[[ Given records open ]]

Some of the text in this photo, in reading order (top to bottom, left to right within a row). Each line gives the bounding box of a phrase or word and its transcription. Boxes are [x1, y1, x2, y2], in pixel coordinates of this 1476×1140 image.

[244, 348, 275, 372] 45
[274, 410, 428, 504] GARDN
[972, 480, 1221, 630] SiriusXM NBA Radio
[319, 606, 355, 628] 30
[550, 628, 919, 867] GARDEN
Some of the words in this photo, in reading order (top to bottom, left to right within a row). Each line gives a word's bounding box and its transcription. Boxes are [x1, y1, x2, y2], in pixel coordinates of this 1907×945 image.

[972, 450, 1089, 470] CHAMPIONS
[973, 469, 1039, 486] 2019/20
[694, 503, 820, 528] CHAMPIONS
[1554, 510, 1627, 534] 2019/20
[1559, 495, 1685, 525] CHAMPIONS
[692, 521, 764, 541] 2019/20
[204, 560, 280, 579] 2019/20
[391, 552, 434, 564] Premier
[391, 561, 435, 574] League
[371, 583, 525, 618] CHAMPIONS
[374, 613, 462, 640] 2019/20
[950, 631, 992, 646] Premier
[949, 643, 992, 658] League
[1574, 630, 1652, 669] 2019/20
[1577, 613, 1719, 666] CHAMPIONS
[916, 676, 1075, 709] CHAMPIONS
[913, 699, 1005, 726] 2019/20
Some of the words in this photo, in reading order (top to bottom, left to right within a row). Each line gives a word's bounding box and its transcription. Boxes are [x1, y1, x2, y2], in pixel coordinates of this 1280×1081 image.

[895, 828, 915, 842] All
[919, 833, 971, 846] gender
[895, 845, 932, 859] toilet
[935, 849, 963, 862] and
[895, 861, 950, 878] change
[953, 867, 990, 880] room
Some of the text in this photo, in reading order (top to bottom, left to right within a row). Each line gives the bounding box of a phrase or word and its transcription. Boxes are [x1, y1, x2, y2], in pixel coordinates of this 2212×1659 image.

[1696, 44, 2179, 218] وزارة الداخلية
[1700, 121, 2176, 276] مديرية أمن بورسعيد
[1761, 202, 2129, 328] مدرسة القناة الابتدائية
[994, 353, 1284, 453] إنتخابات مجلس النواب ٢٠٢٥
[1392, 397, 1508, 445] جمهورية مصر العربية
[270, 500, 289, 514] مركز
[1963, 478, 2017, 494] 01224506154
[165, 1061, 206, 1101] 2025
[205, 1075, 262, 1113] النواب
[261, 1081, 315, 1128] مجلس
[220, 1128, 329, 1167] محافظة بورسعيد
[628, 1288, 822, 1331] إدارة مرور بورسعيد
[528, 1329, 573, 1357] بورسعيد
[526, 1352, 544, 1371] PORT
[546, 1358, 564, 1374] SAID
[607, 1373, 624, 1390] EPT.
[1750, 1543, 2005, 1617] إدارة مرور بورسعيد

[[ Given records closed ]]

Action item:
Give again, exactly and with nothing added, the lines running from the one that contains "this 2212×1659 image." to the last line of the material.

Task response:
Some of the text in this photo, in reading order (top to bottom, left to right within a row). Each line gives the bounding box of a phrase or word and its transcription. Boxes are [x1, y1, x2, y2], in pixel coordinates of this 2212×1659 image.

[1696, 44, 2179, 218] وزارة الداخلية
[1700, 121, 2176, 276] مديرية أمن بورسعيد
[1761, 202, 2129, 328] مدرسة القناة الابتدائية
[994, 353, 1284, 453] إنتخابات مجلس النواب ٢٠٢٥
[1392, 397, 1508, 445] جمهورية مصر العربية
[270, 500, 289, 514] مركز
[1963, 478, 2017, 494] 01224506154
[165, 1061, 206, 1101] 2025
[205, 1075, 262, 1113] النواب
[261, 1081, 315, 1128] مجلس
[220, 1128, 329, 1167] محافظة بورسعيد
[628, 1288, 822, 1331] إدارة مرور بورسعيد
[528, 1329, 573, 1357] بورسعيد
[526, 1352, 544, 1371] PORT
[546, 1358, 564, 1374] SAID
[607, 1373, 624, 1390] EPT.
[1750, 1543, 2005, 1617] إدارة مرور بورسعيد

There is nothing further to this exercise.